If you compare photos from that time that have both the top of the saucer and the rest of the ship it seems pretty obvious that it was repainted (a different color no less). Compare the rim of the saucer with the top of it in the below photos; the top is a different color. Make your own judgement but I know what the evidence tells me. Also, when the miniature was uncrated; there were numerous sheets of replacement decals that could have been easily applied to replace the originals after the painting. Again, believe what you want but I see people so dogmatic in what they believe that they are not open to any other options.
The Smithsonian website says:
"Over time, heat, cold, humidity and other elements had taken a toll on the structure, the wiring and other internal components as well as the exterior paint scheme. Before it could be put on exhibit, extensive restoration was required. The first Smithsonian restoration took place shortly after the starship was received and was completed by July 29, 1974."

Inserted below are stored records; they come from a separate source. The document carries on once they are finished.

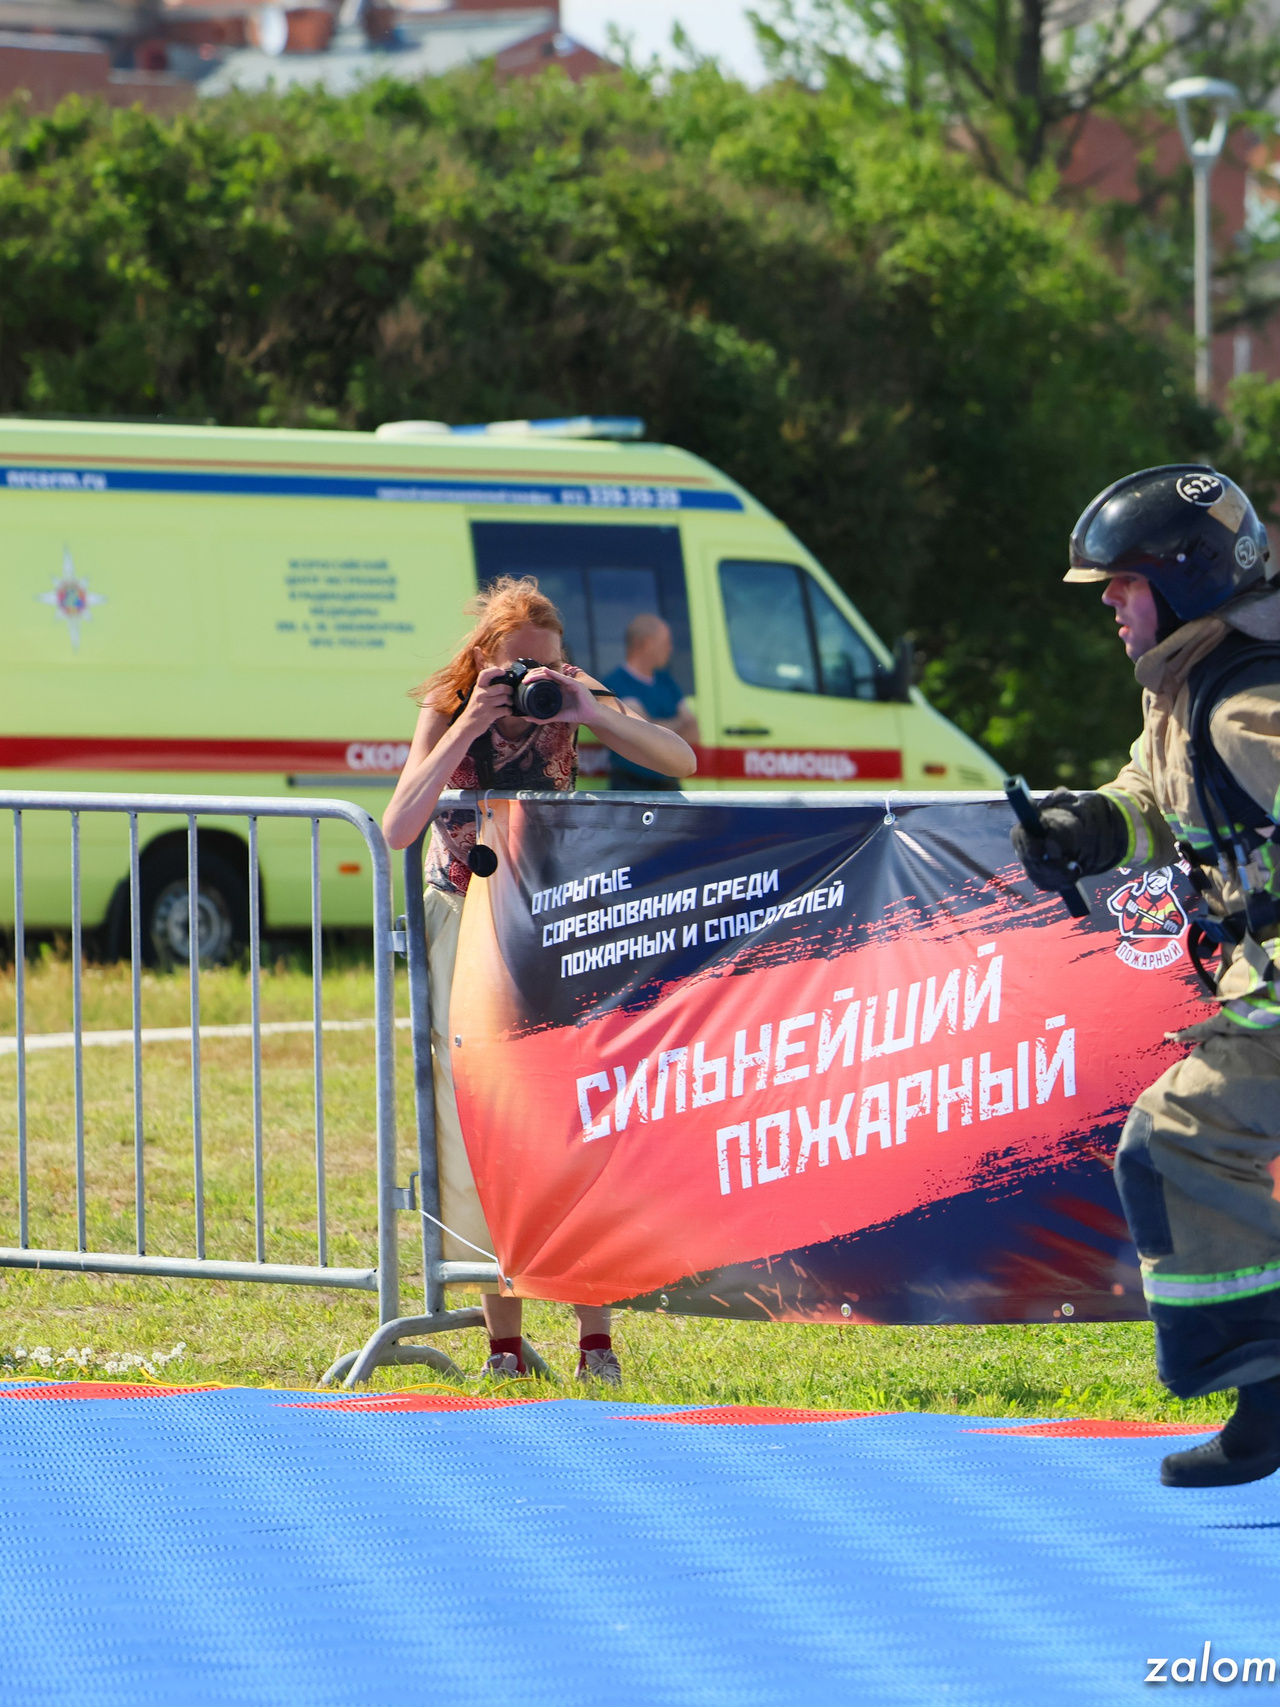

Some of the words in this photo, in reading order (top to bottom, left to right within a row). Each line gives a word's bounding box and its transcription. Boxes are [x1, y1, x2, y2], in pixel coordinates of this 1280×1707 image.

[346, 742, 410, 771] СКОР
[744, 751, 858, 781] ПОМОЩЬ
[531, 866, 632, 915] ОТКРЫТЫЕ
[542, 887, 698, 948] СОРЕВНОВАНИЯ
[702, 869, 780, 907] СРЕДИ
[561, 929, 677, 979] ПОЖАРНЫХ
[682, 923, 698, 948] И
[704, 880, 846, 944] СПАСАТЕЛЕЙ
[1117, 942, 1182, 968] ПОЖАРНЫЙ
[575, 941, 1004, 1144] СИЛЬНЕЙШИЙ
[715, 1014, 1077, 1196] ПОЖАРНЫЙ

Extensive restoration, damage to the structure, wiring, internal components and exterior paint scheme sounds like it was more than touch-up on the exterior paint. Apparently it is (or was at the time) the policy of the Smithsonian to leave at least a portion of the original vehicle untouched and in this case it is the top of the saucer. Draw your own conclusions but I know what I saw then and the color difference in the photos seem to bear that out.